Start of Block

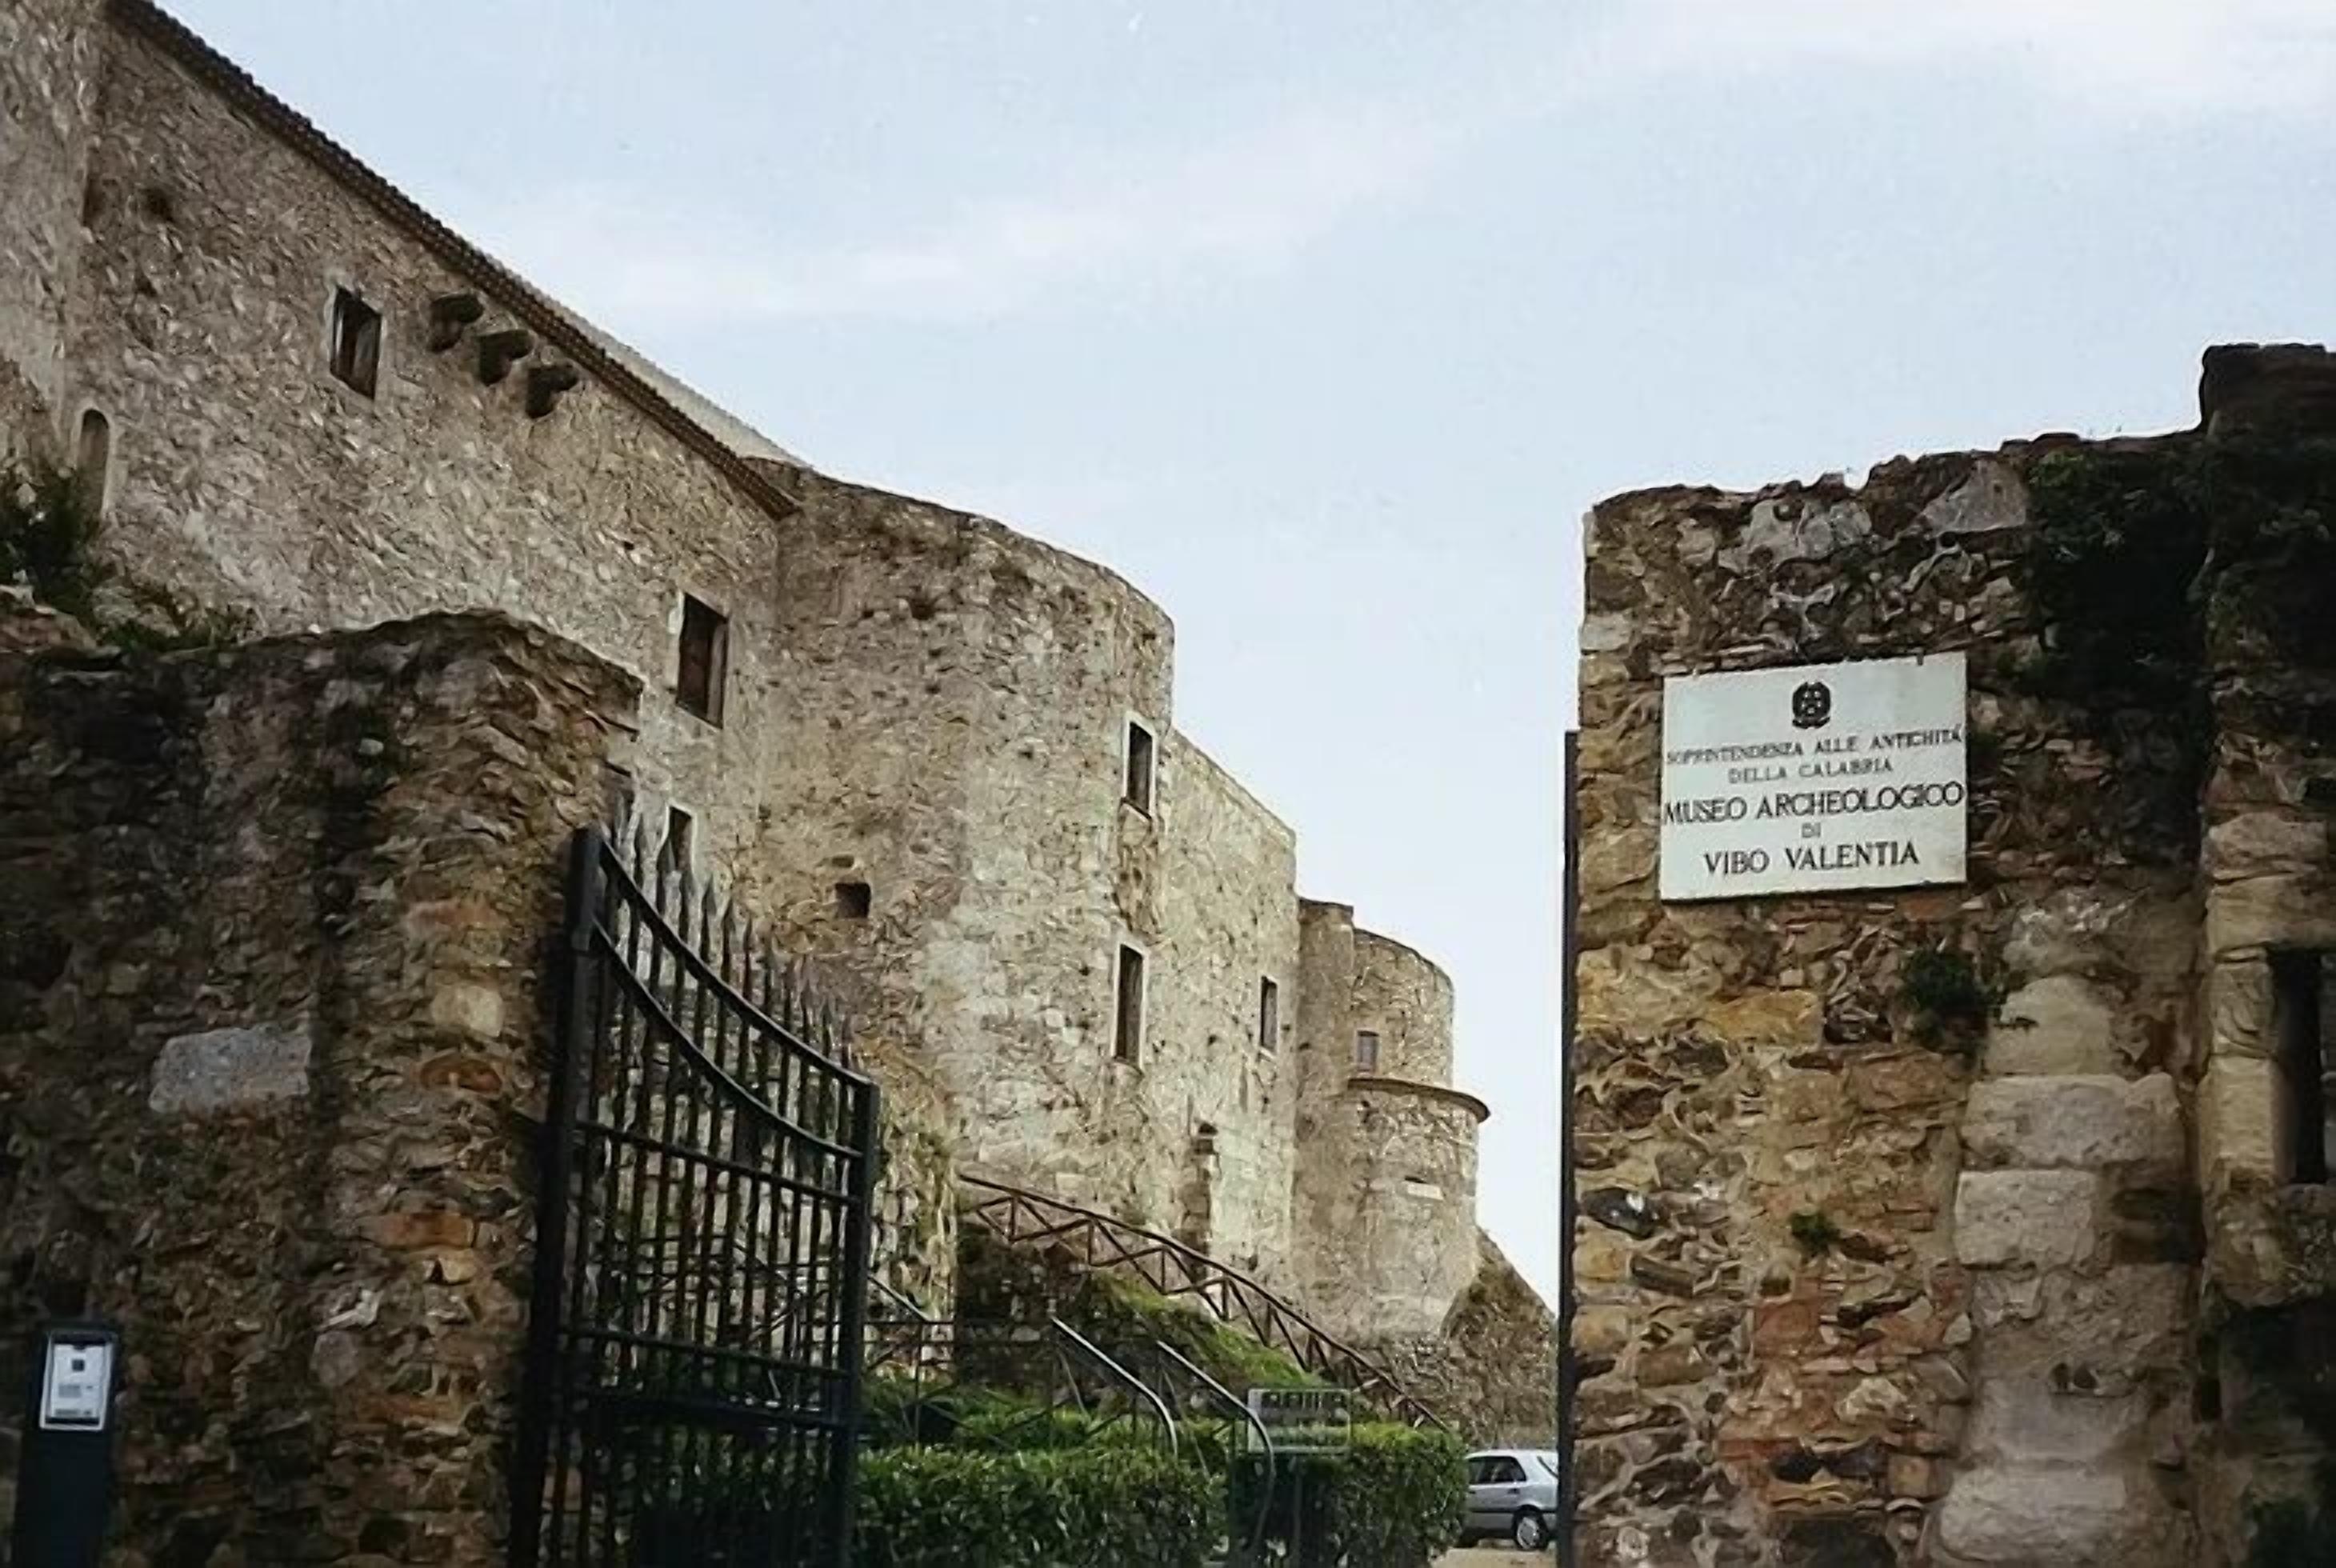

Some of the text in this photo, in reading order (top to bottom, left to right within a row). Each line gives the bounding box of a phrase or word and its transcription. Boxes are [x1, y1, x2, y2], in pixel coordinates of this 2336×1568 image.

[1815, 735, 1856, 753] ALLE
[1728, 758, 1893, 784] DELLA CALABRIA
[1663, 781, 1964, 825] MUSEO ARCHEOLOGICO
[1802, 822, 1821, 838] DI
[1703, 840, 1920, 874] VIBO VALENTIA
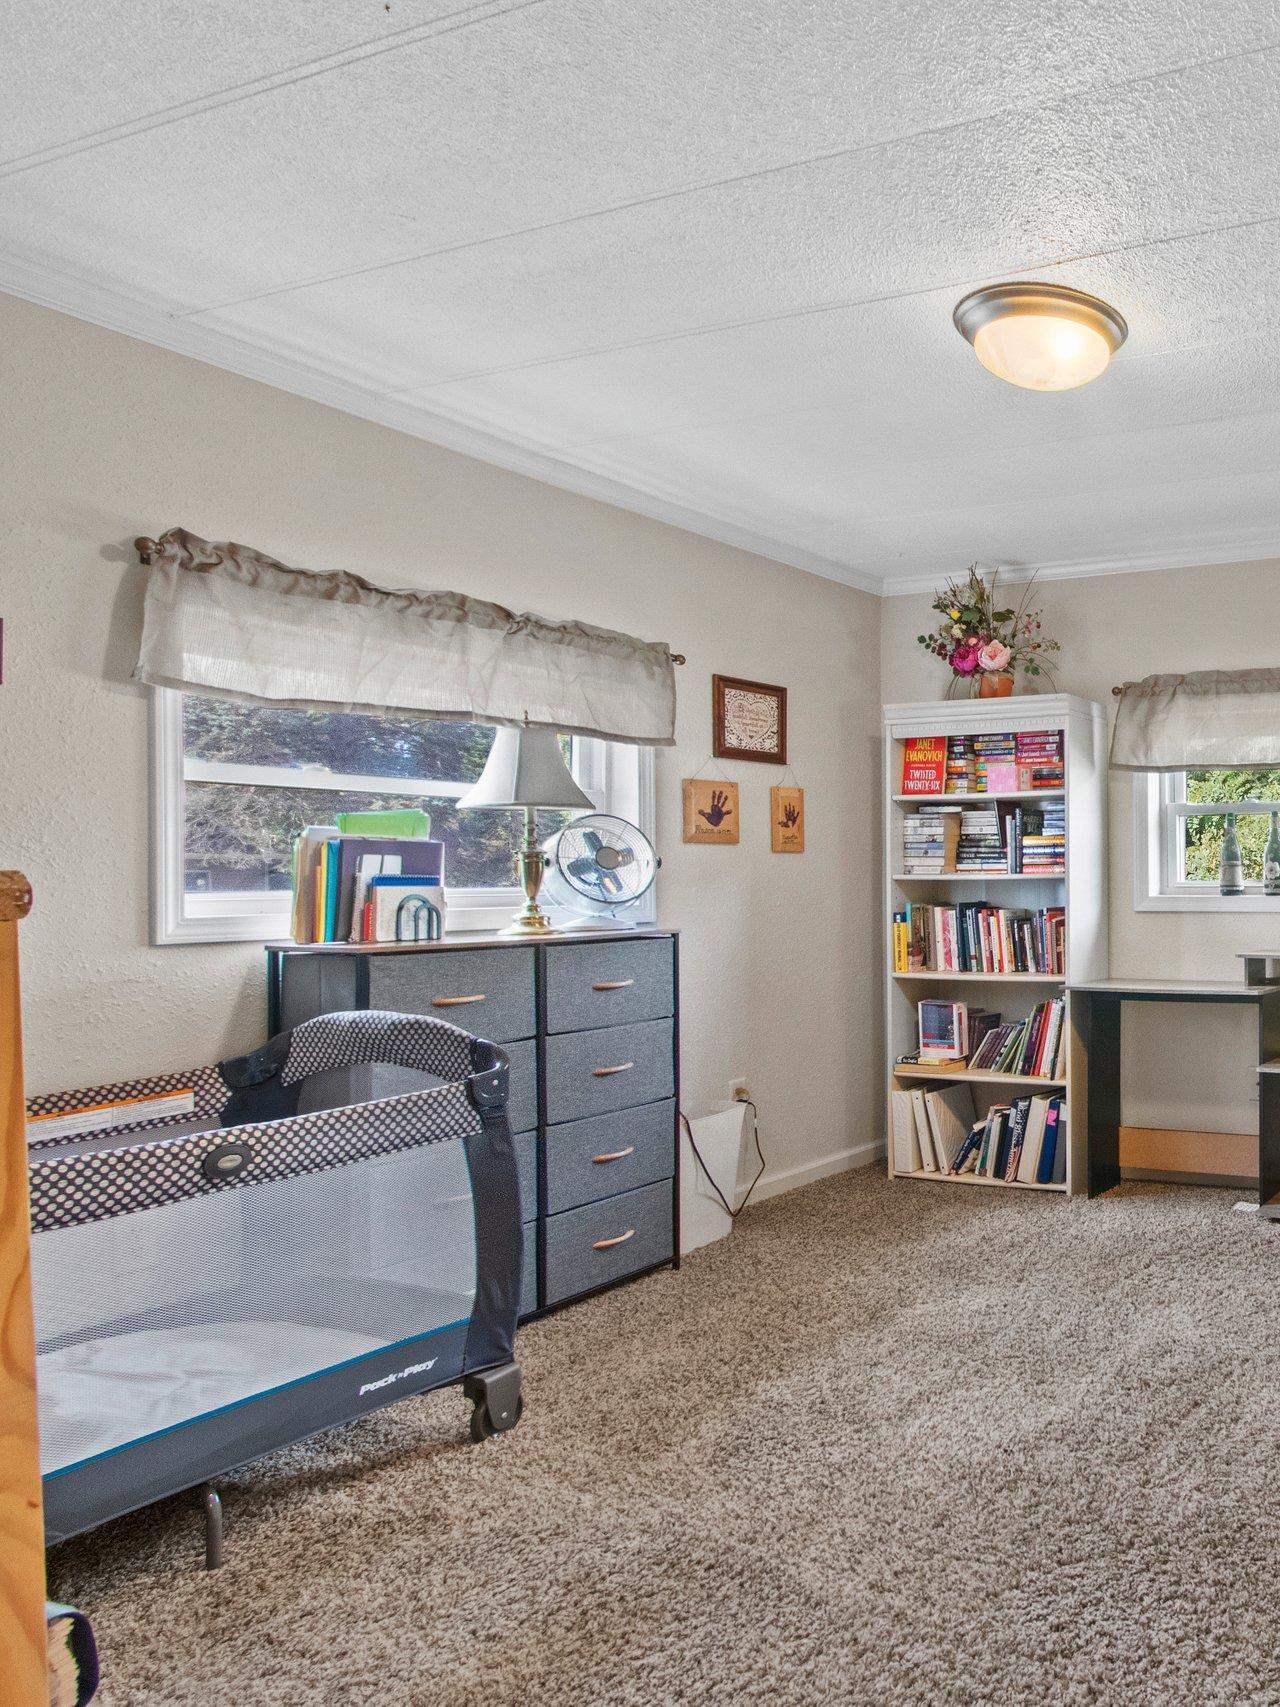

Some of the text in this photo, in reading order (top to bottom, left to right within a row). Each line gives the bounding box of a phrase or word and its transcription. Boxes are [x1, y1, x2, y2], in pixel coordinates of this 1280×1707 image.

End of Block

• What you need to do: Could you restate the entries word for word, skipping any pictures?

• Exercise answer:
Some of the text in this photo, in reading order (top to bottom, left to right within a row). Each line gives the bounding box of a phrase or word and its transcription. Boxes are [x1, y1, x2, y2], in pixel coordinates of this 2336×1568 image.

[1815, 735, 1856, 753] ALLE
[1728, 758, 1893, 784] DELLA CALABRIA
[1663, 781, 1964, 825] MUSEO ARCHEOLOGICO
[1802, 822, 1821, 838] DI
[1703, 840, 1920, 874] VIBO VALENTIA

Some of the text in this photo, in reading order (top to bottom, left to right within a row). Each line gives the bounding box of a phrase or word and its transcription. Boxes are [x1, y1, x2, y2], in pixel coordinates of this 1280×1707 image.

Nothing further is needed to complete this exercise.